Task details. For the data that follows, print the line with "this 1600×1067 image.", the line with "this 1062×1600 image.", and all lines between them, exactly as they stand. Omit pictures and add nothing.

Data extract.
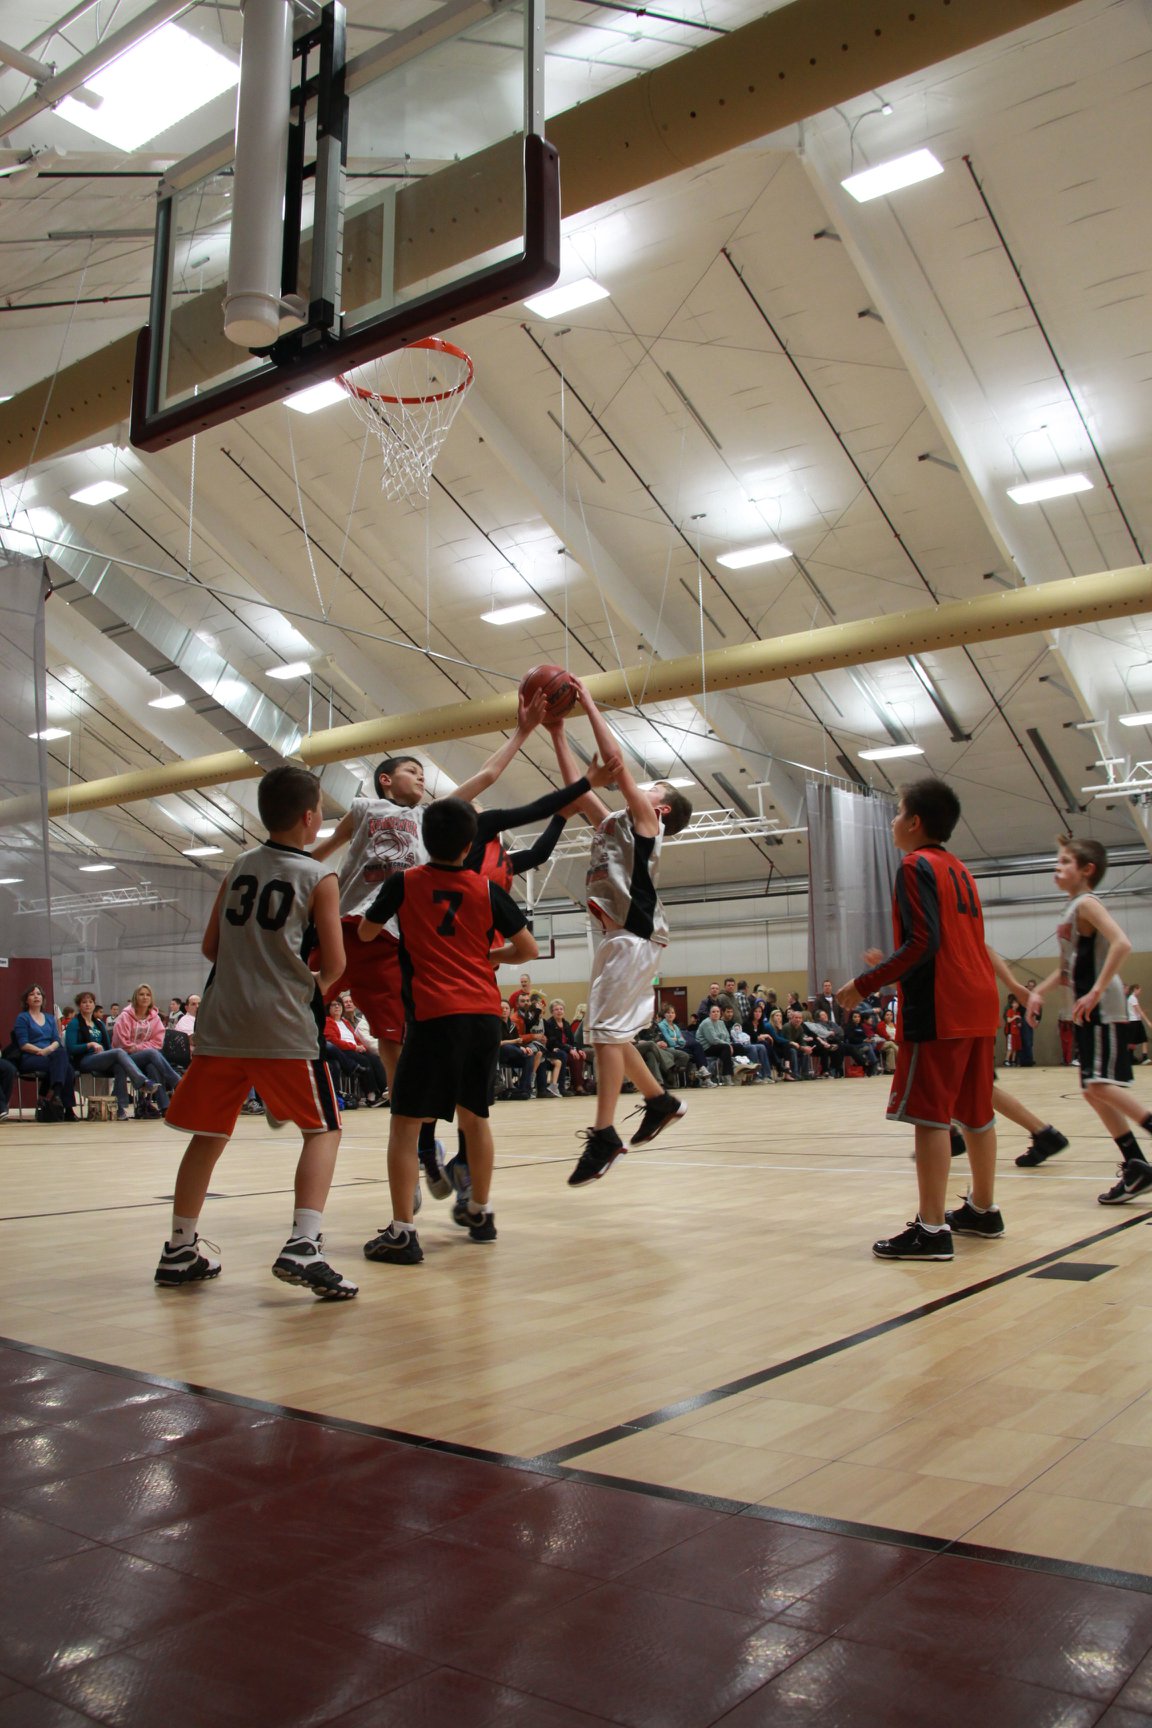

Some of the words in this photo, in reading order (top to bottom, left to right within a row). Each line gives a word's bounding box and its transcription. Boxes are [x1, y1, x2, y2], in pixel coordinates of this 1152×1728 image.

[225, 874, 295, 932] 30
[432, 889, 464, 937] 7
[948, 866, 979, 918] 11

---

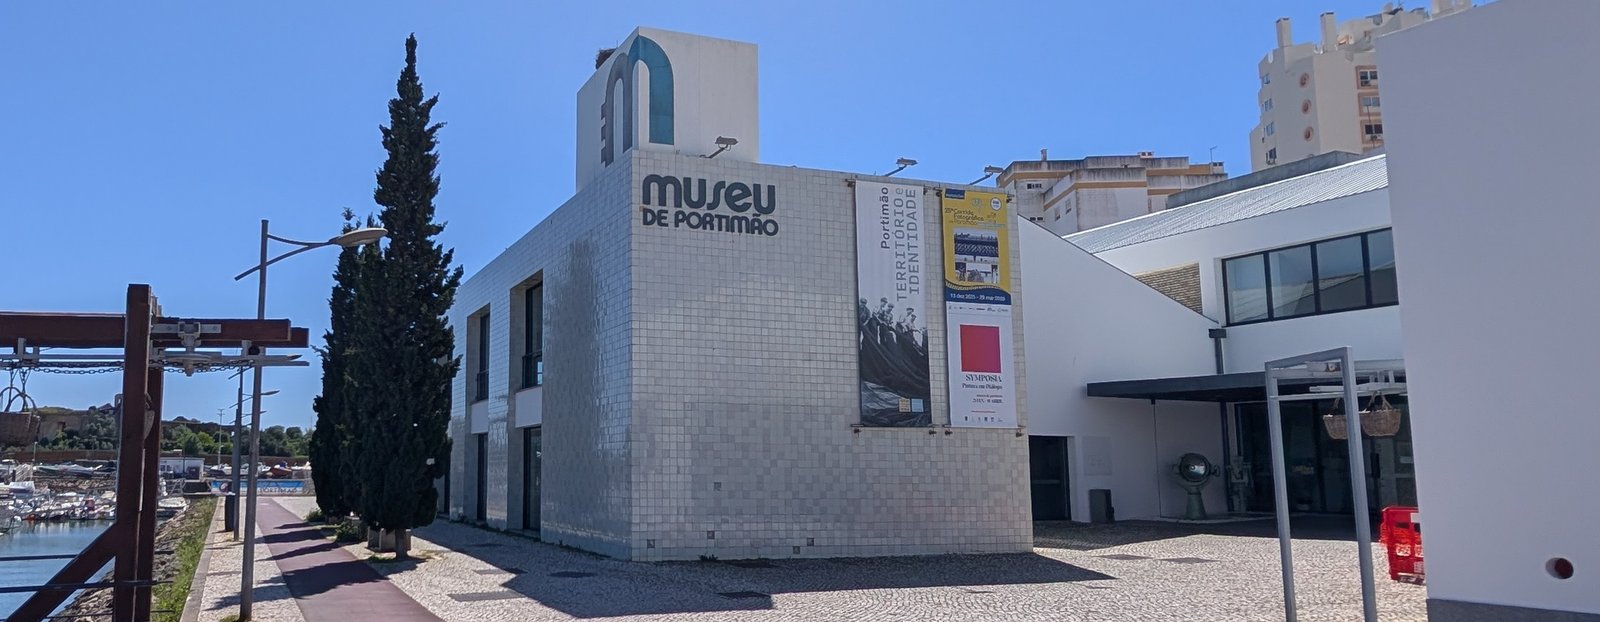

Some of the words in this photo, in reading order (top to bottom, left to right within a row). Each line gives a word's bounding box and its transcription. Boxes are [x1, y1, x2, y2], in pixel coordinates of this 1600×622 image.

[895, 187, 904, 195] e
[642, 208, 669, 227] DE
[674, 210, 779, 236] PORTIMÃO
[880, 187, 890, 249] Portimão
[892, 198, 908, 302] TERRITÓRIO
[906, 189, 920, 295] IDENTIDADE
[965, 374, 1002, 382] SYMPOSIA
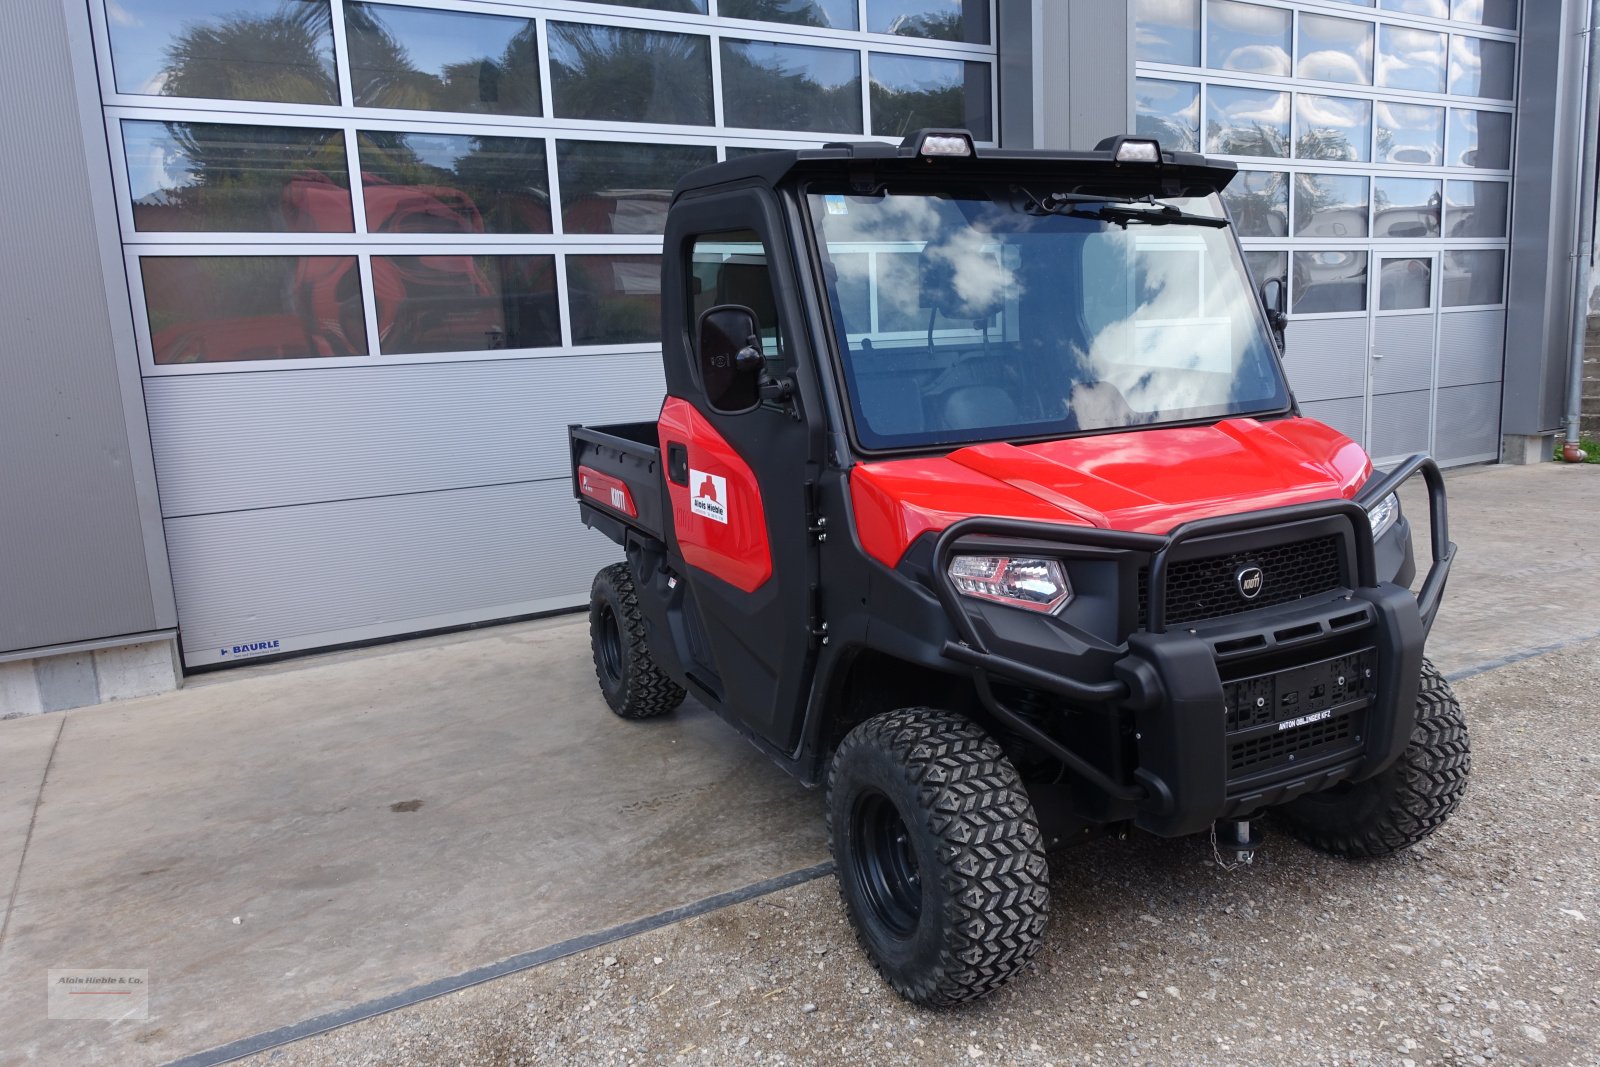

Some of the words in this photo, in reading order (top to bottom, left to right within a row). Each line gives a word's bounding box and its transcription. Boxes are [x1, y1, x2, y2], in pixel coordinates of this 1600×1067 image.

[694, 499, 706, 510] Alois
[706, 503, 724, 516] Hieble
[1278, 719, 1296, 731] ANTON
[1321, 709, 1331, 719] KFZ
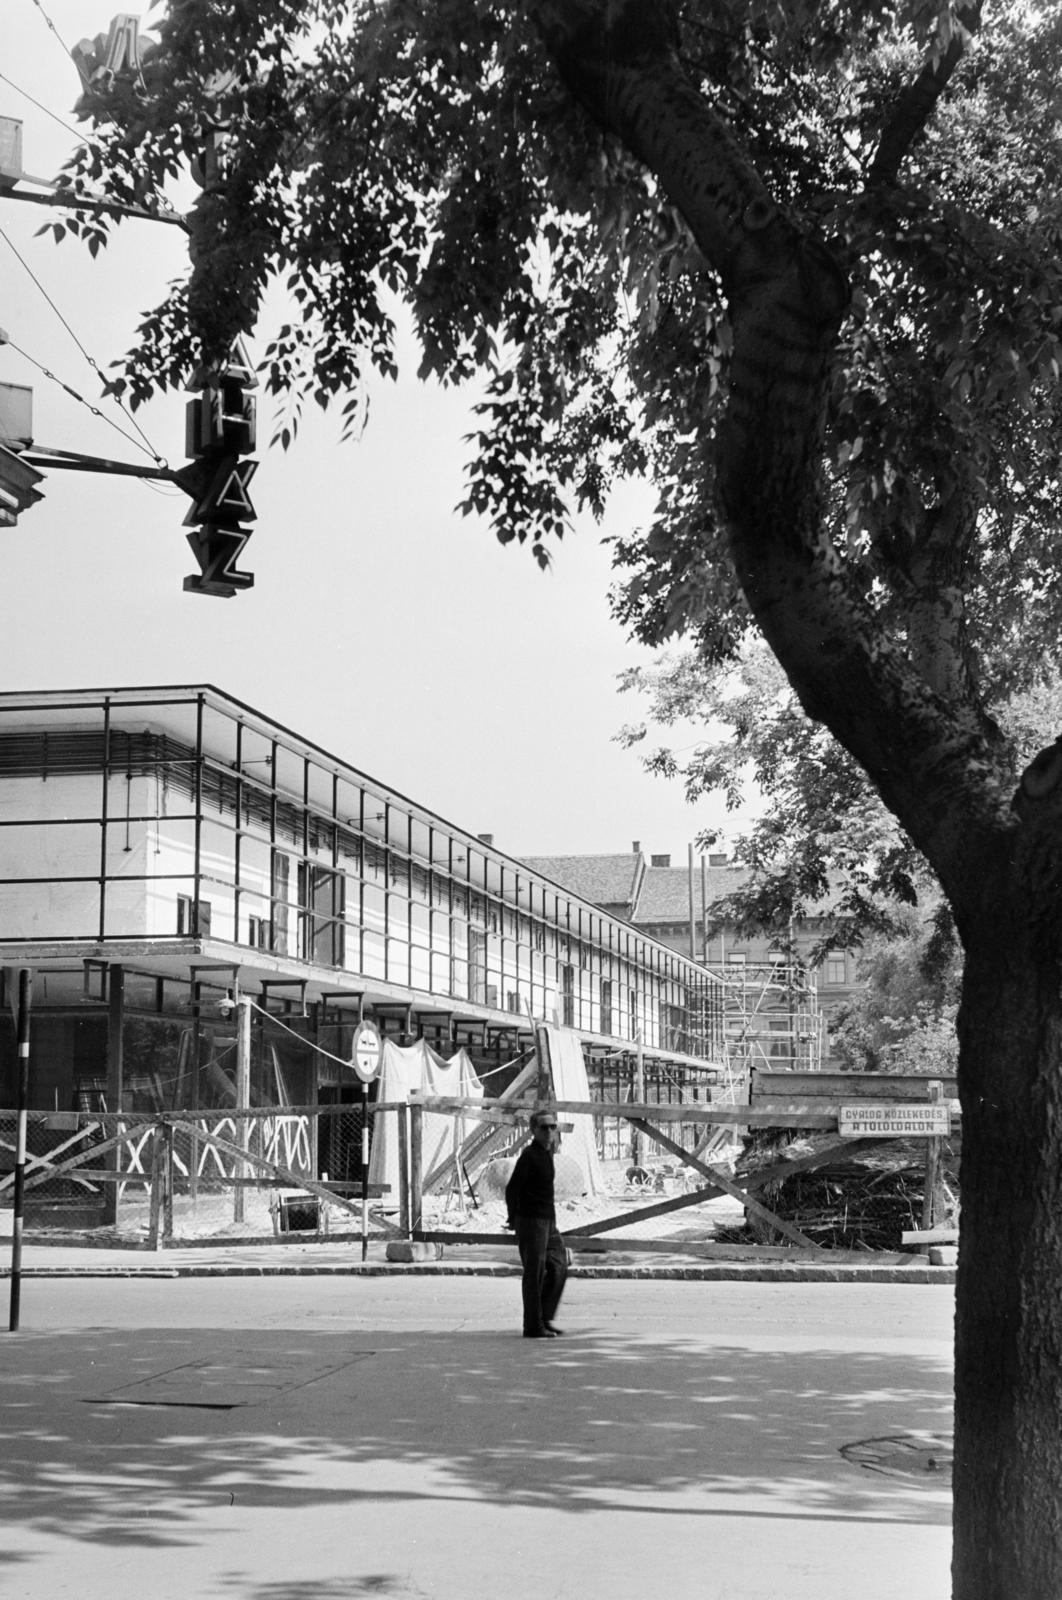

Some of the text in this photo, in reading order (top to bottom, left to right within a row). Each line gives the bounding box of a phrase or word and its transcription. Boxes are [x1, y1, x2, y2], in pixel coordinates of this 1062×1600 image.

==

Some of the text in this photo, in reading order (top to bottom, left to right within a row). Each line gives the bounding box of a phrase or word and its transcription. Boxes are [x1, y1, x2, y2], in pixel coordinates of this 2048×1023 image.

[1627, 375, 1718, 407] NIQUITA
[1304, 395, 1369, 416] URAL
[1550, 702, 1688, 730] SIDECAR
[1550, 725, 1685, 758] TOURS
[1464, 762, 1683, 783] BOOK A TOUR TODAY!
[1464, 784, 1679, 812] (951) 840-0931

Written response.
Some of the words in this photo, in reading order (top to bottom, left to right within a row). Each line gives a word's bounding box and its transcription. Boxes are [x1, y1, x2, y2], in pixel coordinates of this 1600×1067 image.

[694, 499, 706, 510] Alois
[706, 503, 724, 516] Hieble
[1278, 719, 1296, 731] ANTON
[1321, 709, 1331, 719] KFZ

Some of the text in this photo, in reading order (top to bottom, left to right within a row). Each line gives the bounding box of a phrase or word and its transcription. Boxes are [x1, y1, x2, y2], in pixel coordinates of this 1062×1600 image.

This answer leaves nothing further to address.